Il y rentrait pour suivre de plus près une manœuvre audacieuse qu'il avait conçue. Le Veneur devait passer l'Aisne et fondre par Berzieux et Virginy sur les derrières des Prussiens. Mais Le Veneur, si brave qu'il fût, était lent et manquait de vigueur. Le roi Frédéric-Guillaume avait ordonné de laisser à la ferme des Maisons de Champagne, entre Rouvroy et Massiges, tous les équipages et bagages de son armée. Si Le Veneur avait poussé sur cette ferme qui n'était gardée que par un bataillon de fusiliers, il aurait enlevé les voitures et chaises de poste, les fourgons de vivres, les tentes et les chevaux de somme des Prussiens ; il ne captura que des fonctionnaires de la chancellerie qui s'étaient aventurés vers les bords de l'Aisne pour voir une bataille.

La canonnade cessa vers 6 heures. Elle cessait à peine que la pluie tombait par torrents pour tomber ainsi jusqu'à la fin du mois. Les Prussiens et les Autrichiens de Clerfayt qui parut trop tard pour prendre part à l'action bivouaquèrent tristement, sans manteaux et sans nourriture, sur le plateau de la Lune. Pendant ce temps, à la faveur de la nuit, Kellermann, après avoir conféré avec Dumouriez, quittait sa position qu'il qualifiait de désagréable ; il repassait l'Auve et appuyait sa droite à Dampierre, sa gauche à Voilemont ; il gardait ainsi le chemin de Sainte-Menehould à Vitry et celui de Vitry à Châlons.

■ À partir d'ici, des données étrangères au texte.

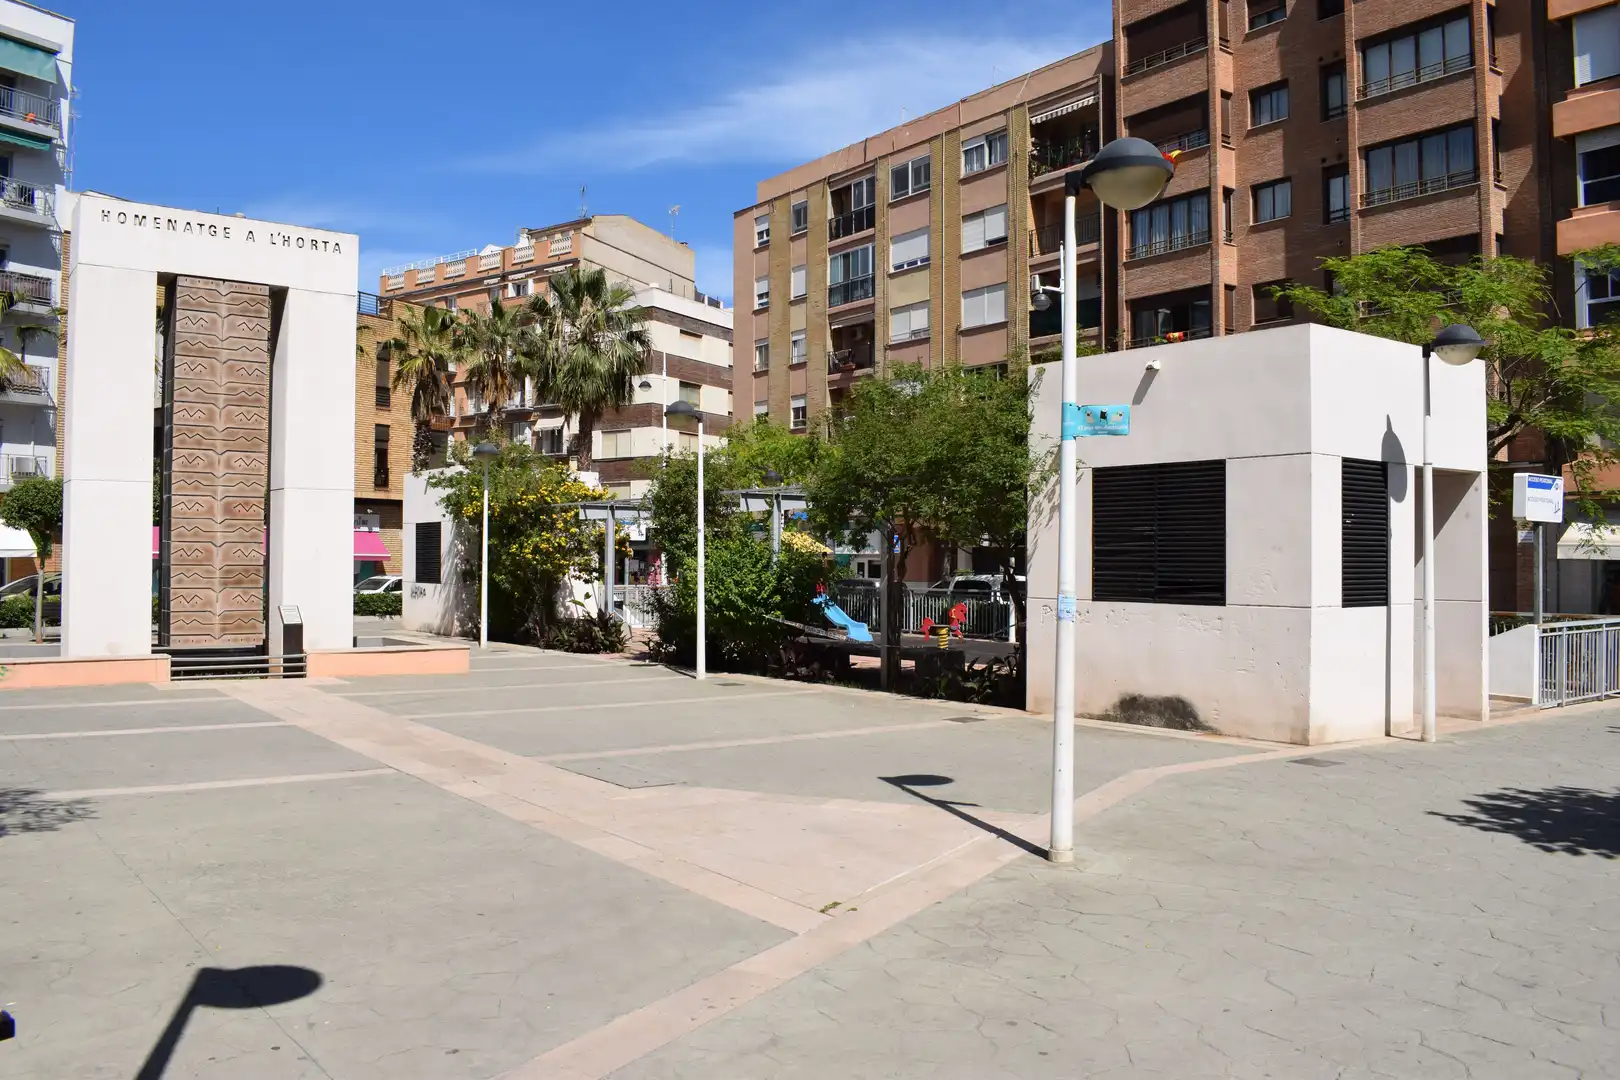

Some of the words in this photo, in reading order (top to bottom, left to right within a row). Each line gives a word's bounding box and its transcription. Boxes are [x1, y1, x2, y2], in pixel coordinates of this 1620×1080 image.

[101, 209, 231, 239] HOMENATGE
[245, 230, 256, 243] A
[270, 231, 342, 255] L'HORTA

Telle fut la canonnade de Valmy. L'habileté de Dumouriez avait décidé du succès. Il secourut Kellermann sans jalousie ni rivalité avec cet esprit de ressources et cette activité qui font le véritable homme de guerre. Si Stengel et Chazot n'avaient, sur l'ordre de Dumouriez, flanqué la butte du moulin, Kellermann aurait été mis en déroute.